WHAT IS EXPECTED:
Reproduce exactly the span of lines that opens with the line containing "this 1600×1200 image." and closes with the last line of the entries below.
##########
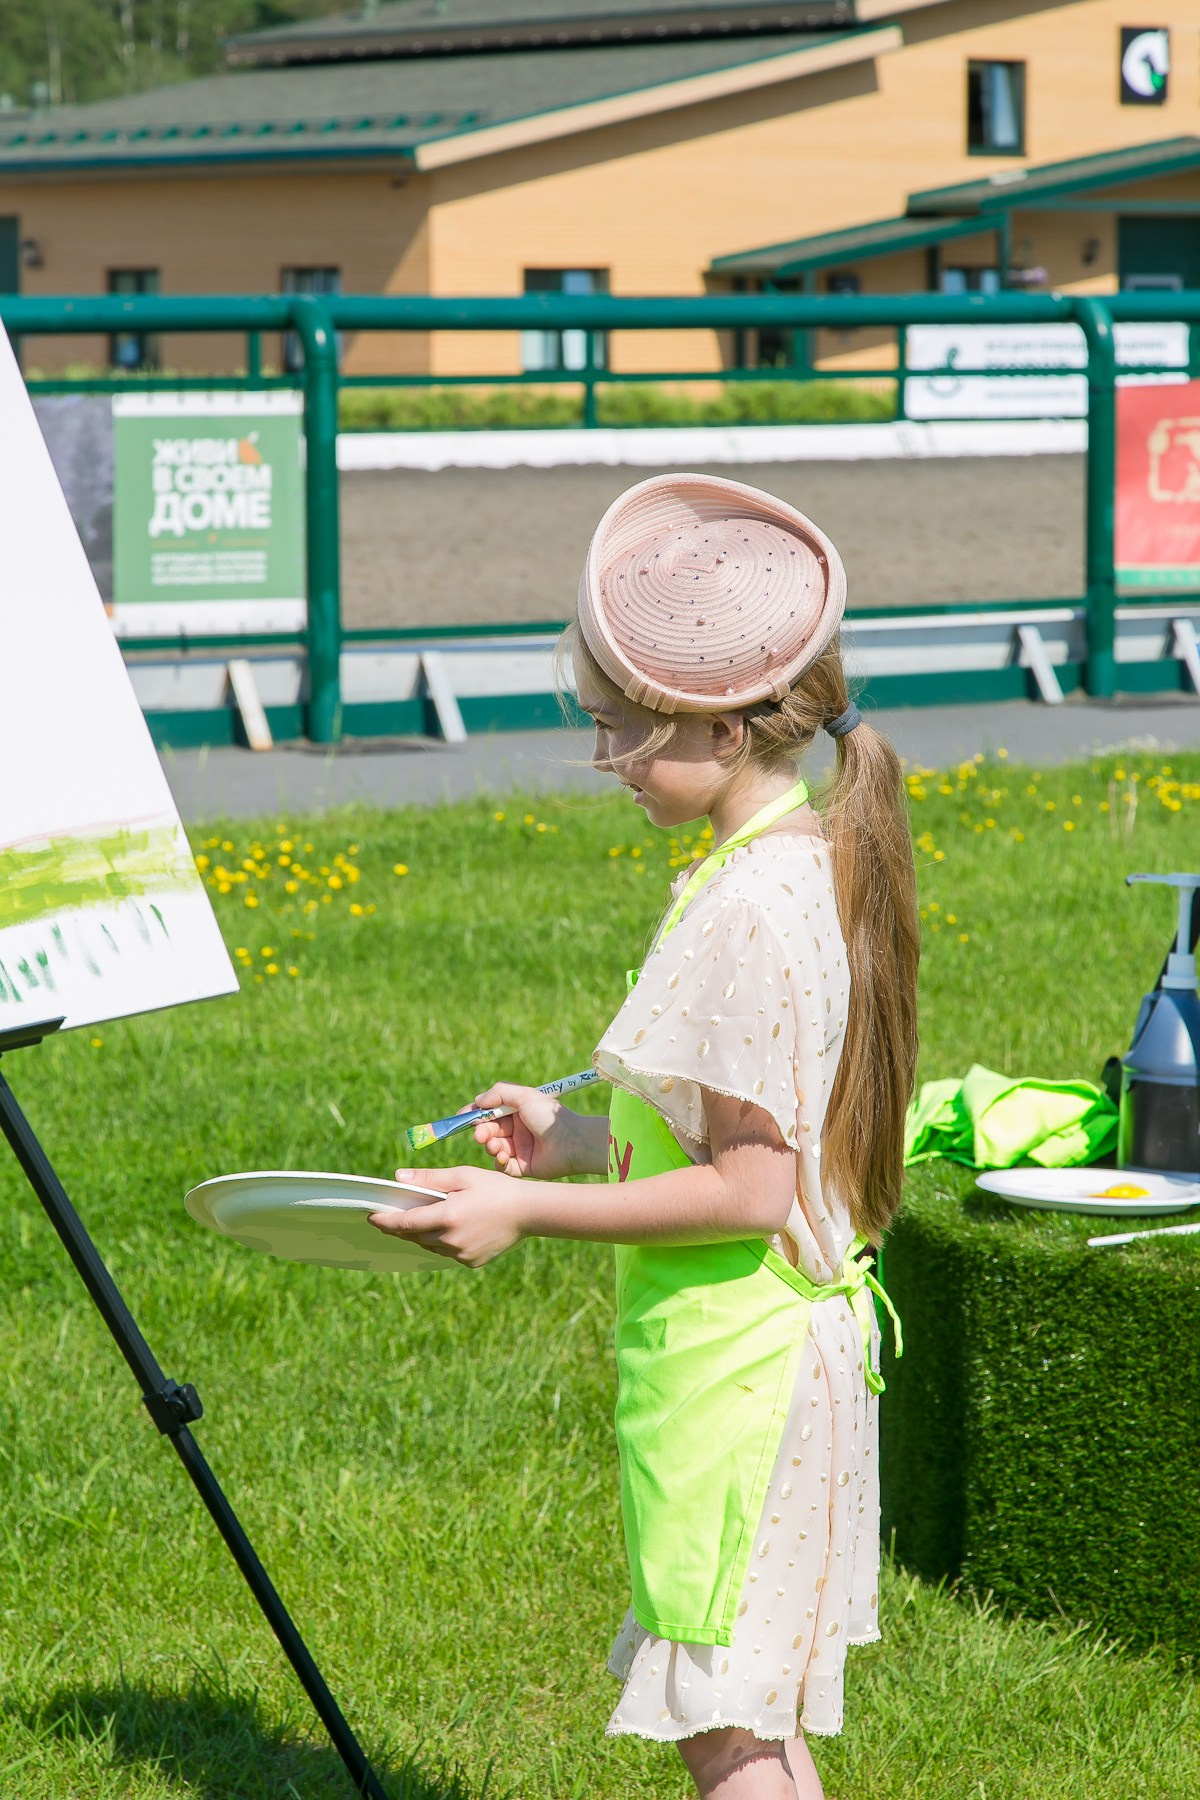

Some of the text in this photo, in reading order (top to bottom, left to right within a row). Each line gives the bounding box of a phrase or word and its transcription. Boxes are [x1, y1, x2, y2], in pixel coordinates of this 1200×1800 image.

[152, 438, 239, 464] ЖИВИ
[152, 463, 272, 492] В СВОЕМ
[148, 492, 272, 537] ДОМЕ
[567, 1079, 577, 1087] by
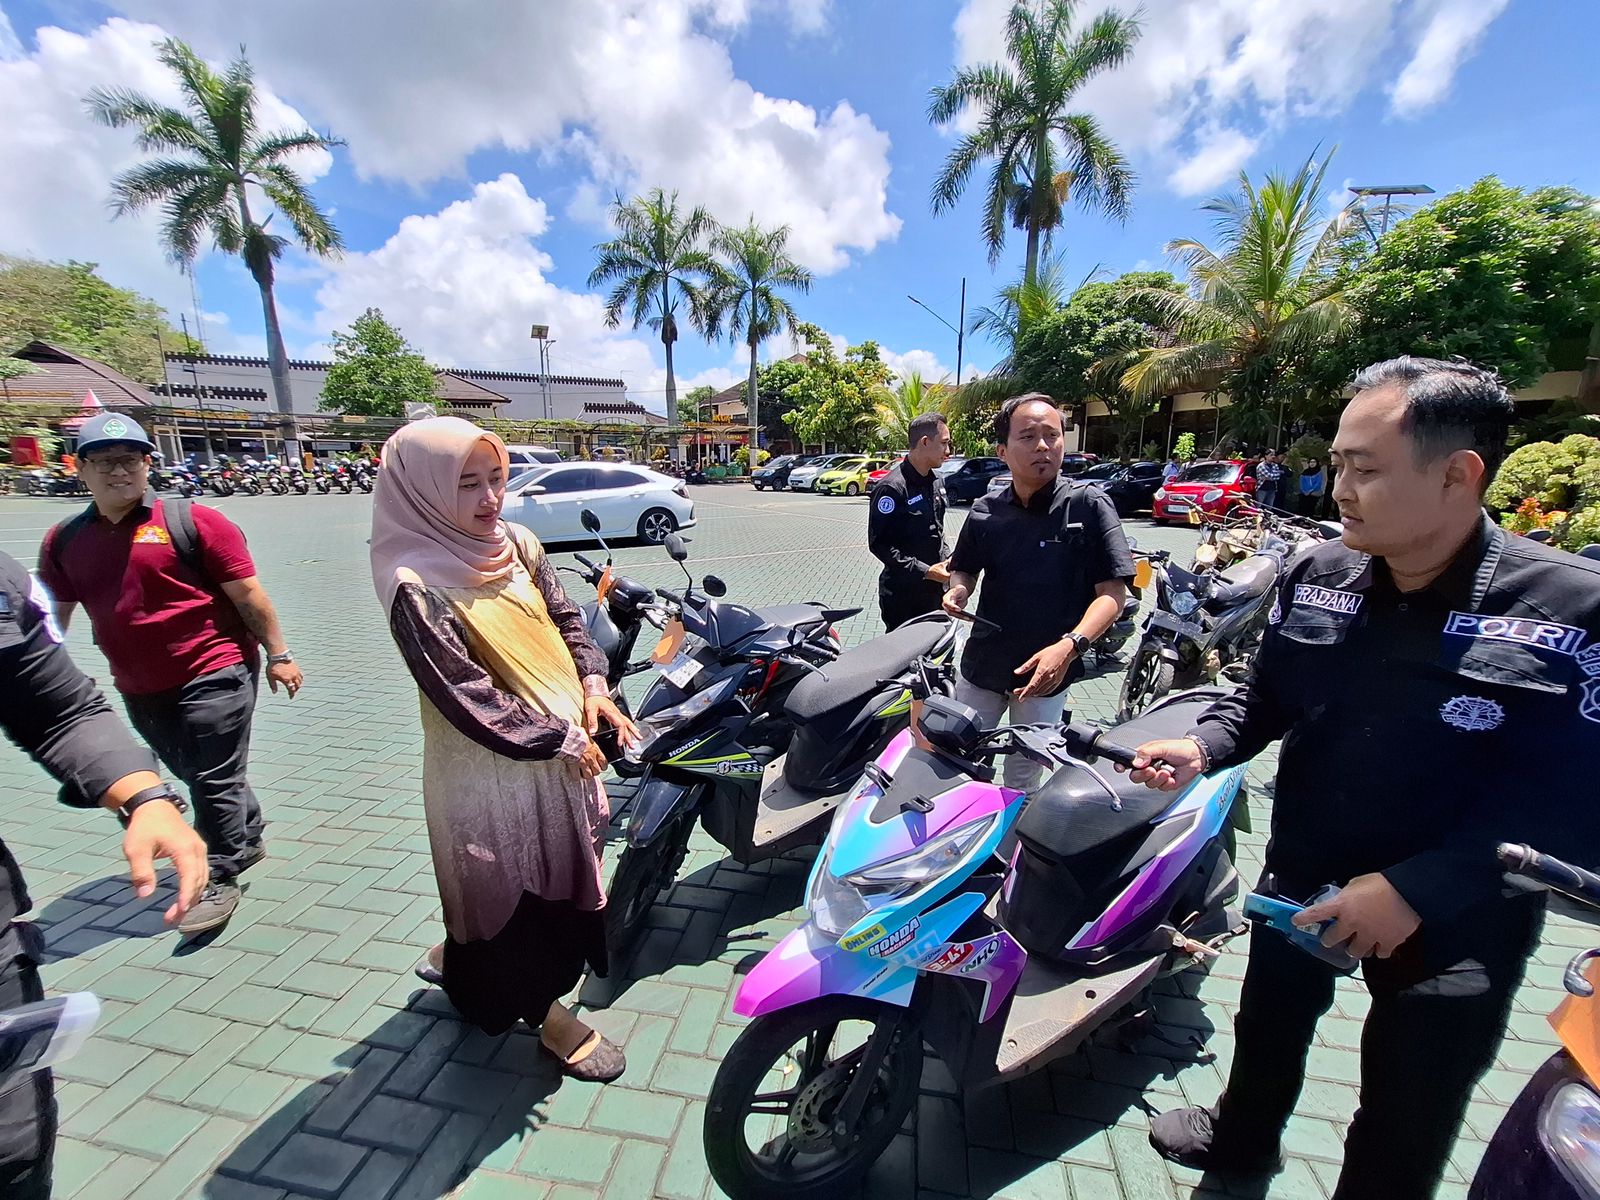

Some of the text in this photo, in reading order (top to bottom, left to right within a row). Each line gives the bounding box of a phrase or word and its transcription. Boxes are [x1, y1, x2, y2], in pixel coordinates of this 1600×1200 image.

[1296, 586, 1357, 612] PRADANA
[1450, 614, 1577, 652] POLRI
[668, 738, 701, 757] HONDA
[869, 918, 920, 956] HONDA
[884, 934, 911, 955] RACING
##########
ANSWER SPACE:
Some of the text in this photo, in reading order (top to bottom, left to right within a row). Each line gives the bounding box of a phrase or word and its transcription. Boxes are [x1, y1, x2, y2], in pixel coordinates of this 1600×1200 image.

[1296, 586, 1357, 612] PRADANA
[1450, 614, 1577, 652] POLRI
[668, 738, 701, 757] HONDA
[869, 918, 920, 956] HONDA
[884, 934, 911, 955] RACING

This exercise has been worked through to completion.